--- DATA TO USE Enclosed Below ---
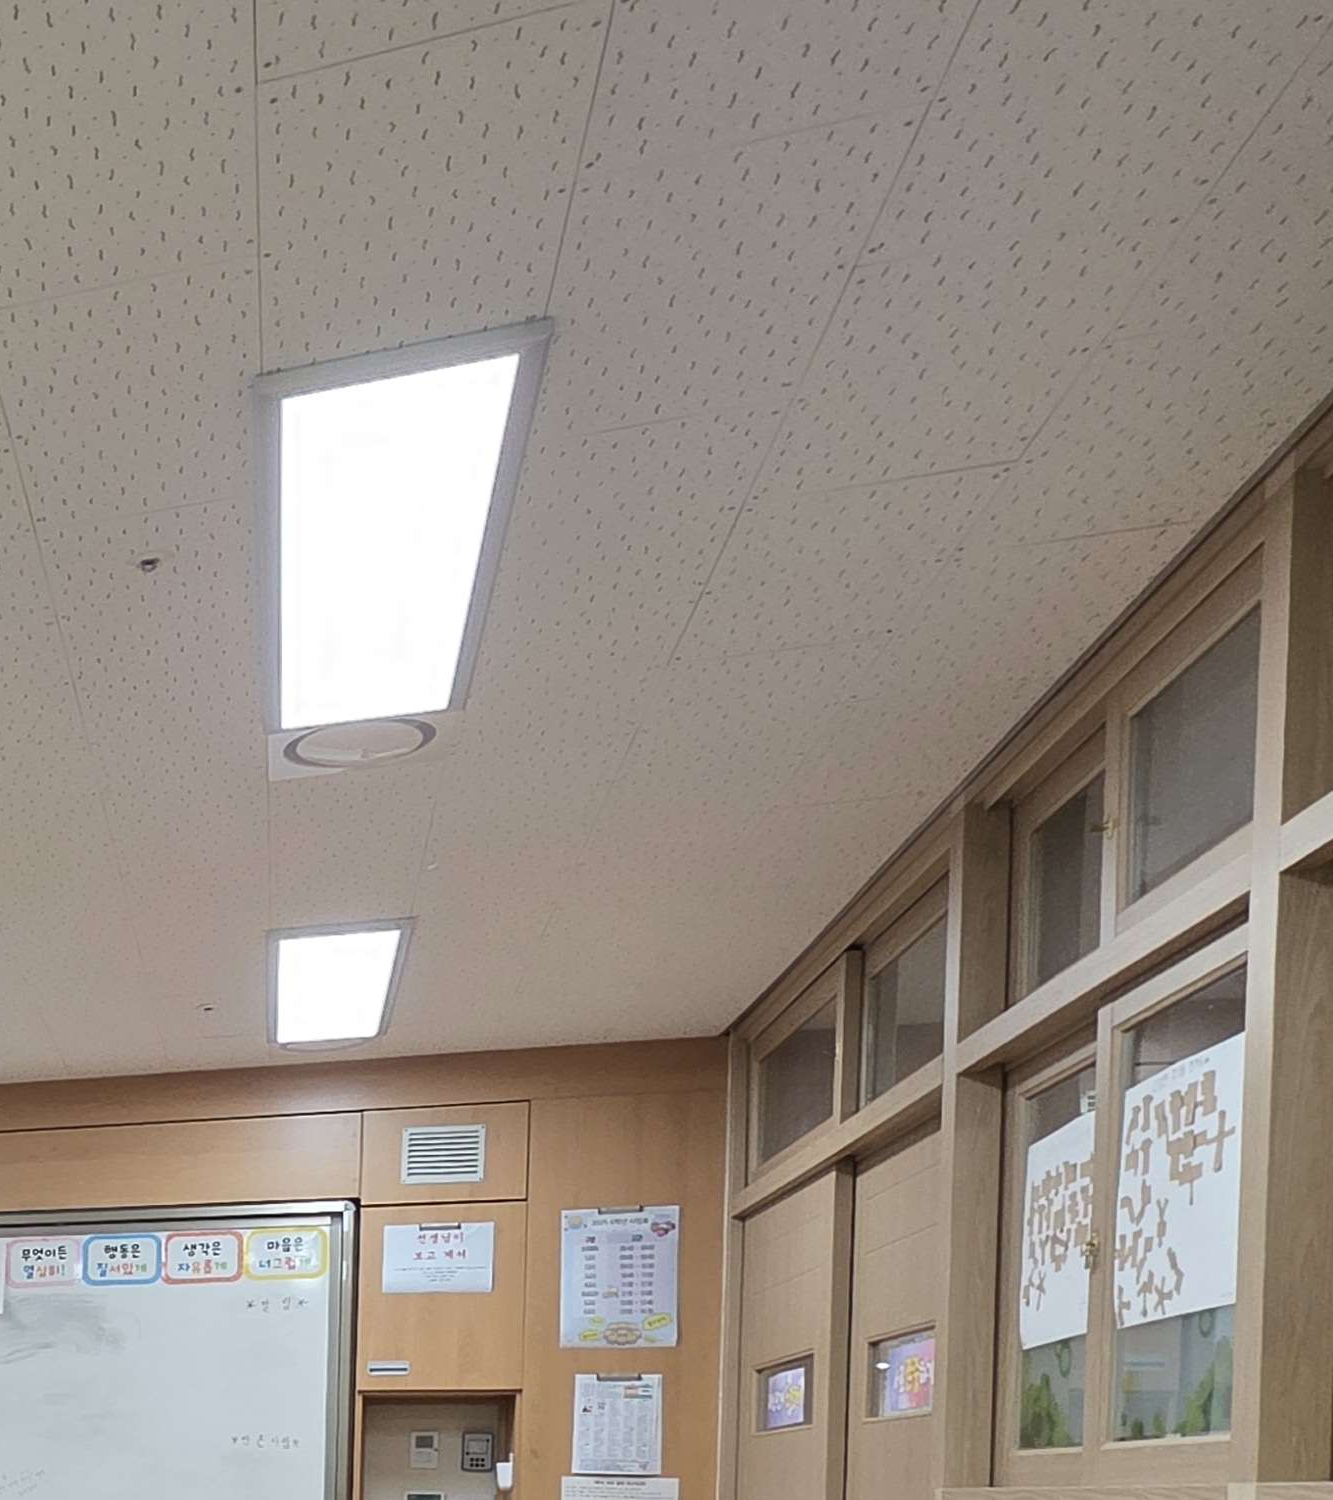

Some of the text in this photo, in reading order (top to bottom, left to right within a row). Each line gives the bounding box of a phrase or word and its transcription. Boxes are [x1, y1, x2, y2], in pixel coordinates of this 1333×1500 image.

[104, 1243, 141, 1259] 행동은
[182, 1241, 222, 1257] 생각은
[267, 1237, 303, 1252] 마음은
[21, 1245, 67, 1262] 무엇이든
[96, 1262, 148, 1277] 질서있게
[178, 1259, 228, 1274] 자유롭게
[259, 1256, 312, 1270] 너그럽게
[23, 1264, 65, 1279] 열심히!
--- End of Enclosed DATA TO USE ---
● **THE TASK**: The data is to be returned exactly as it stands, pictures aside.

● **THE ANSWER**:
Some of the text in this photo, in reading order (top to bottom, left to right within a row). Each line gives the bounding box of a phrase or word and its transcription. Boxes are [x1, y1, x2, y2], in pixel coordinates of this 1333×1500 image.

[104, 1243, 141, 1259] 행동은
[182, 1241, 222, 1257] 생각은
[267, 1237, 303, 1252] 마음은
[21, 1245, 67, 1262] 무엇이든
[96, 1262, 148, 1277] 질서있게
[178, 1259, 228, 1274] 자유롭게
[259, 1256, 312, 1270] 너그럽게
[23, 1264, 65, 1279] 열심히!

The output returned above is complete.